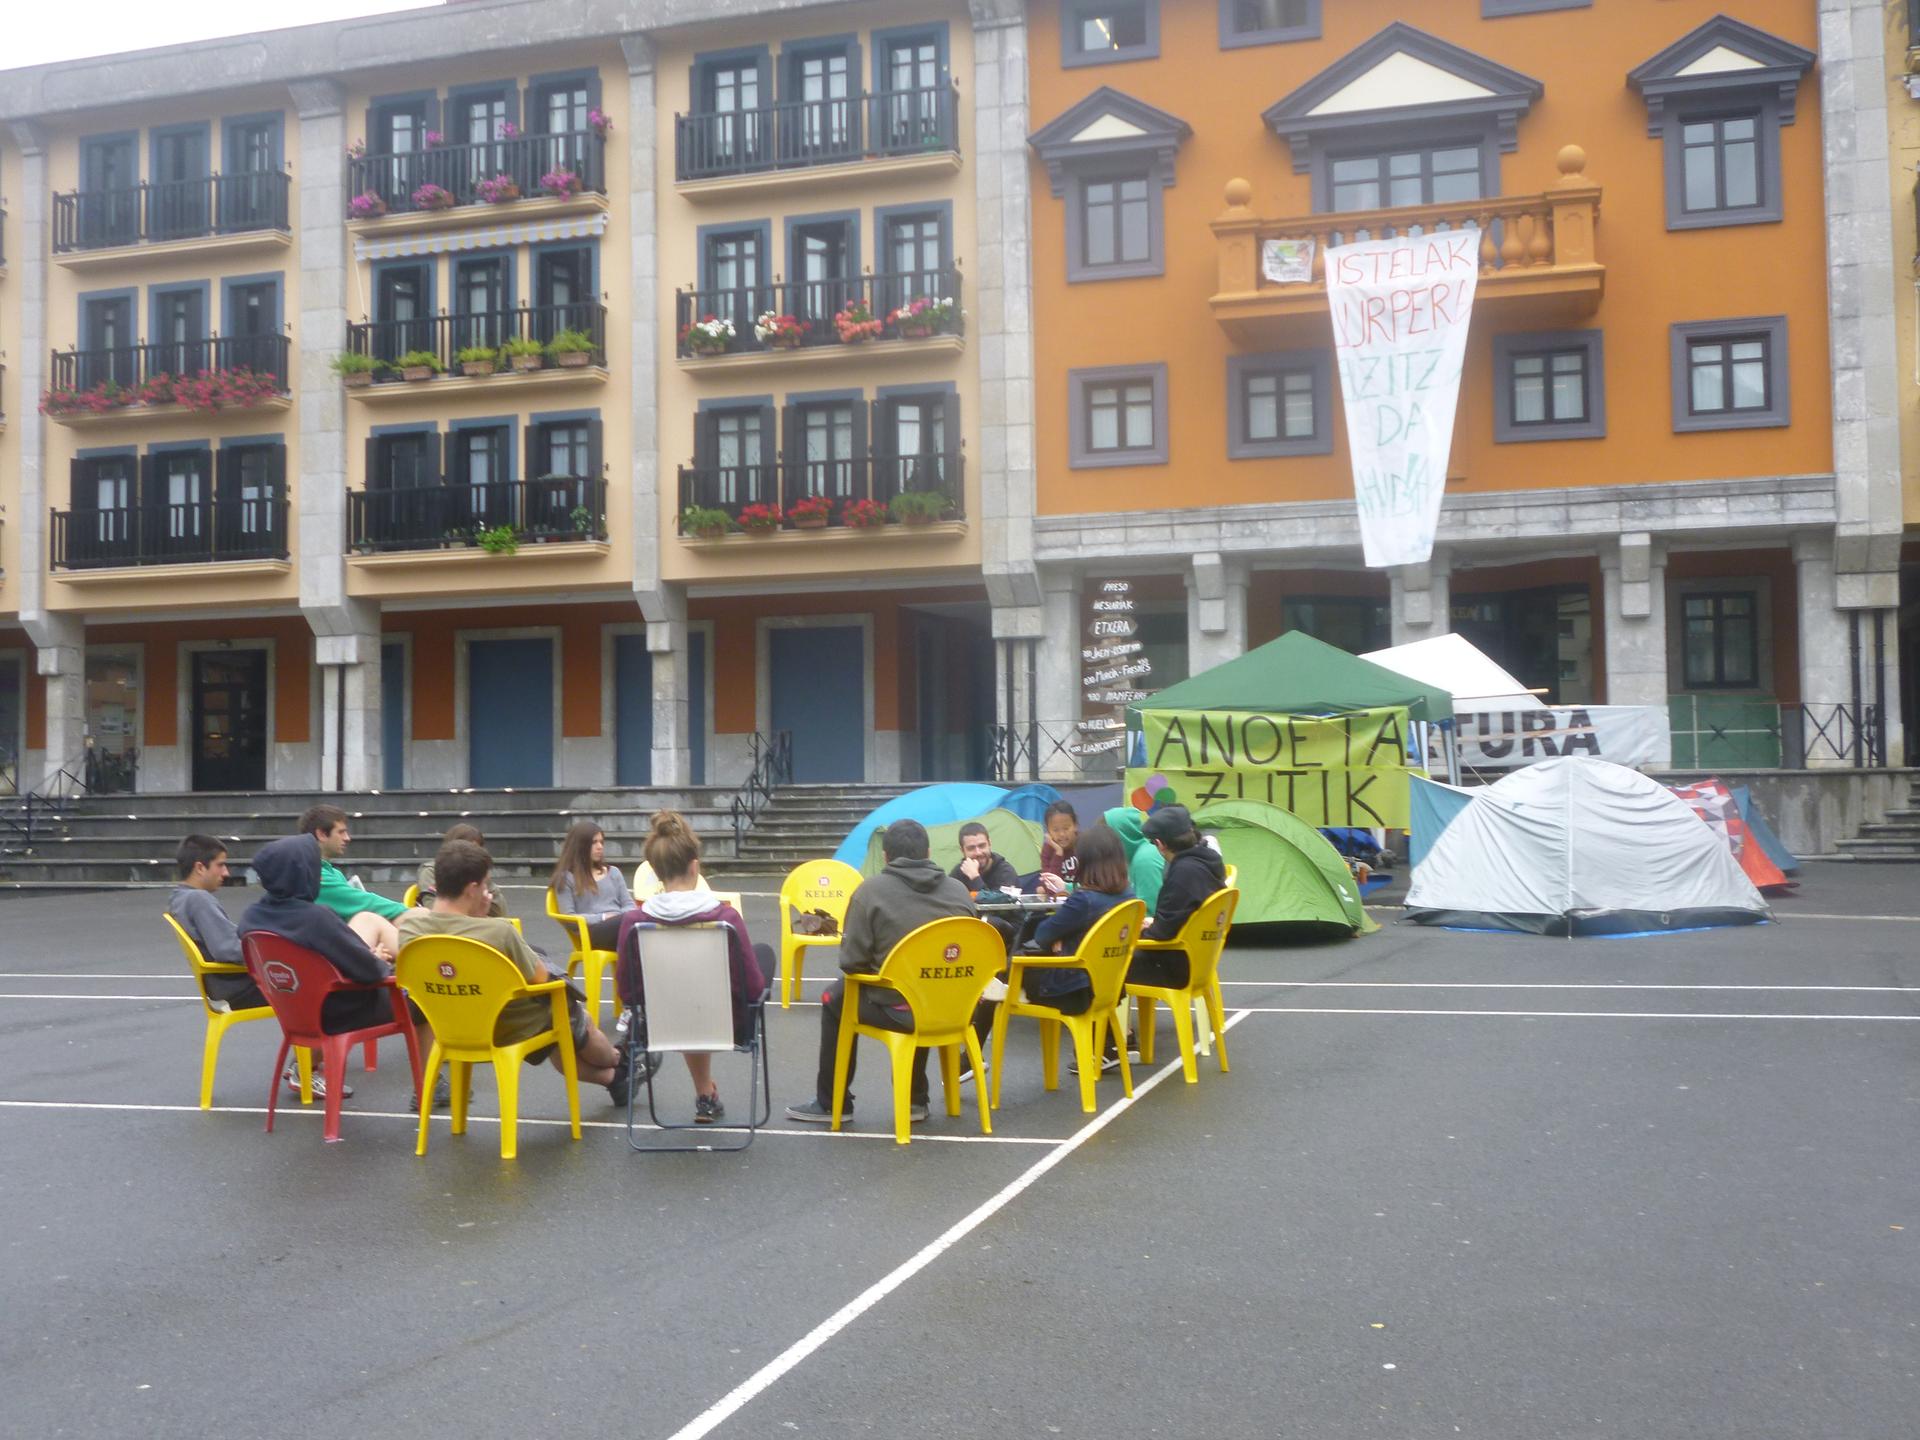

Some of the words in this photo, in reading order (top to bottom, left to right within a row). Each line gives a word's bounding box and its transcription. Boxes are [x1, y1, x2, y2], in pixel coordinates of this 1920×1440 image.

[1336, 237, 1472, 284] ISTELAK
[1377, 402, 1421, 446] DA
[1103, 582, 1129, 591] PRESO
[1094, 620, 1131, 634] ETXERA
[1154, 712, 1406, 768] ANOETA
[805, 890, 844, 898] KELER
[919, 966, 975, 979] KELER
[424, 981, 483, 997] KELER
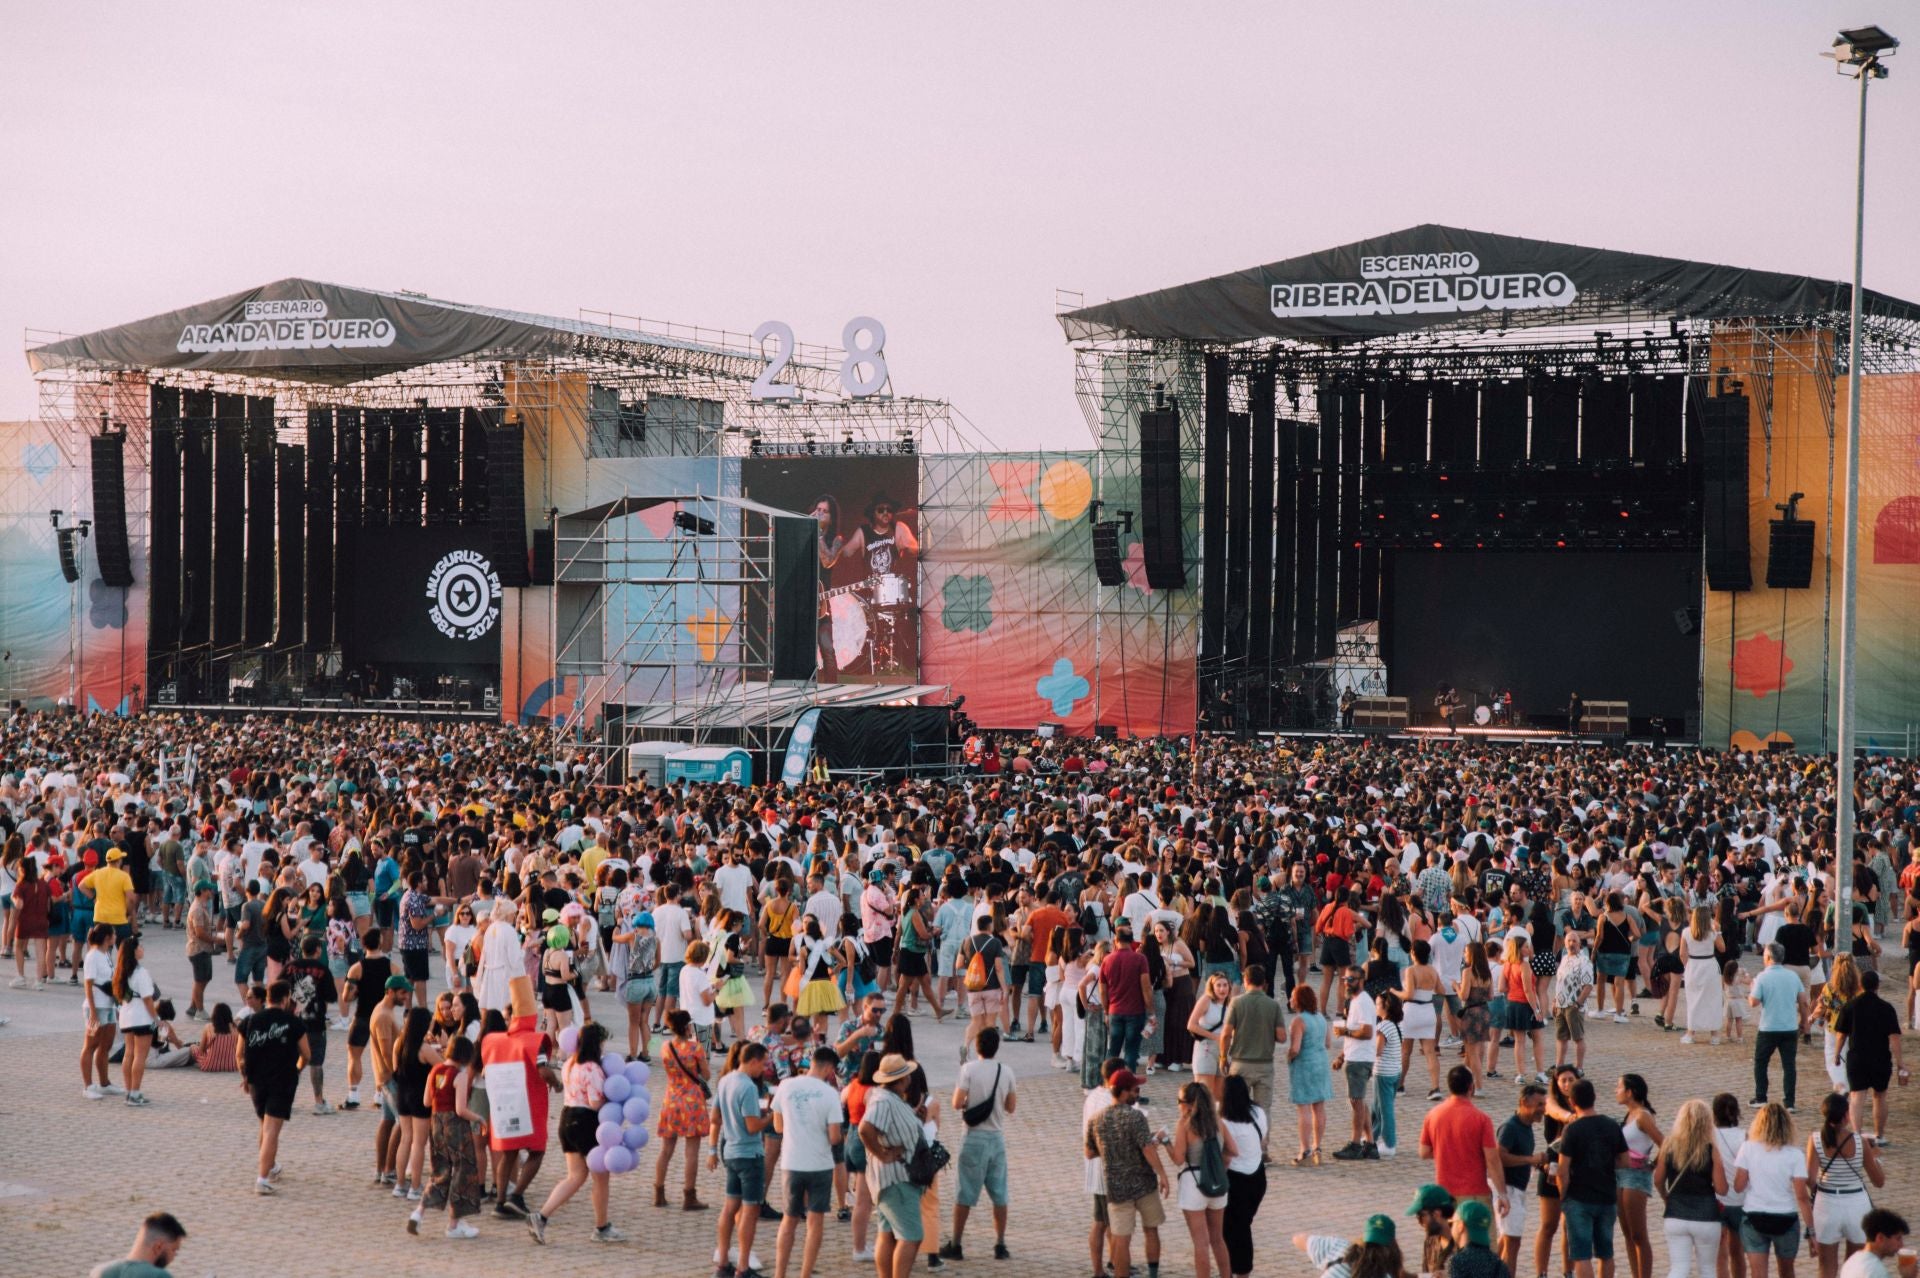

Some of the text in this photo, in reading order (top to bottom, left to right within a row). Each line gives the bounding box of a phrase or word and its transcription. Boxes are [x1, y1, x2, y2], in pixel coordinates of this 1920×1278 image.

[1361, 253, 1474, 273] ESCENARIO
[1272, 273, 1568, 308] RIBERA DEL DUERO
[246, 300, 325, 316] ESCENARIO
[179, 319, 391, 346] ARANDA DE DUERO
[426, 550, 502, 598] MUGURUZA FM
[428, 605, 456, 638] 1984
[466, 606, 499, 640] 2024

============================================================

| What the task asks |
All records are to be reproduced exactly; the pictures are to be omitted.

| Solution to this task |
Some of the words in this photo, in reading order (top to bottom, left to right within a row). Each line gives a word's bounding box and its transcription. Boxes are [x1, y1, x2, y2], in pixel coordinates of this 1920×1440 image.

[1336, 237, 1472, 284] ISTELAK
[1377, 402, 1421, 446] DA
[1103, 582, 1129, 591] PRESO
[1094, 620, 1131, 634] ETXERA
[1154, 712, 1406, 768] ANOETA
[805, 890, 844, 898] KELER
[919, 966, 975, 979] KELER
[424, 981, 483, 997] KELER

Some of the text in this photo, in reading order (top to bottom, left to right within a row). Each line gives the bounding box of a phrase or word and its transcription. Boxes are [x1, y1, x2, y2], in pixel coordinates of this 1920×1278 image.

[1361, 253, 1474, 273] ESCENARIO
[1272, 273, 1568, 308] RIBERA DEL DUERO
[246, 300, 325, 316] ESCENARIO
[179, 319, 391, 346] ARANDA DE DUERO
[426, 550, 502, 598] MUGURUZA FM
[428, 605, 456, 638] 1984
[466, 606, 499, 640] 2024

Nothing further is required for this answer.